_Task_.
Restate all the data word for word and omit the pictures.

_Annotated photo localization data_.
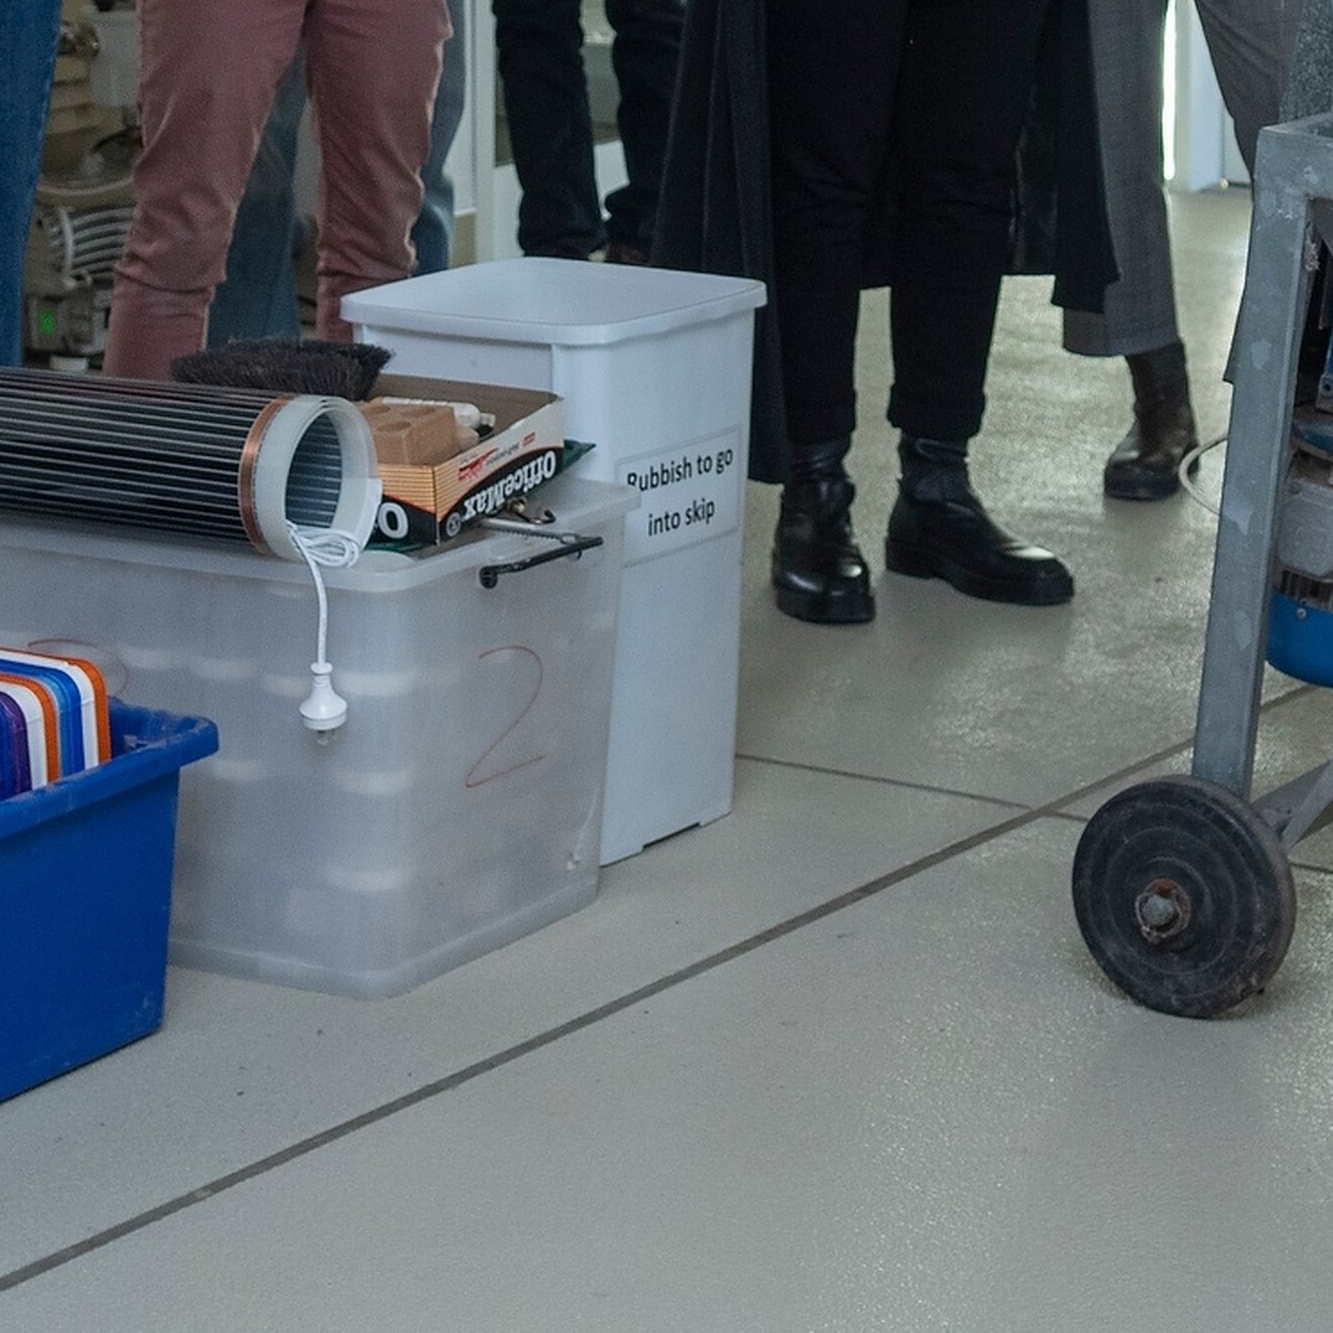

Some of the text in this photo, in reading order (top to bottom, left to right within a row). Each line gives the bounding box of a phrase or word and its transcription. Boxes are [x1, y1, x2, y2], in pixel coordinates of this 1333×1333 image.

[464, 450, 557, 521] OfficeMax
[697, 455, 713, 475] to
[716, 448, 734, 474] go
[648, 498, 715, 536] into skip
[464, 644, 546, 789] 2

_The answer_.
Some of the text in this photo, in reading order (top to bottom, left to right within a row). Each line gives the bounding box of a phrase or word and its transcription. Boxes are [x1, y1, x2, y2], in pixel coordinates of this 1333×1333 image.

[464, 450, 557, 521] OfficeMax
[697, 455, 713, 475] to
[716, 448, 734, 474] go
[648, 498, 715, 536] into skip
[464, 644, 546, 789] 2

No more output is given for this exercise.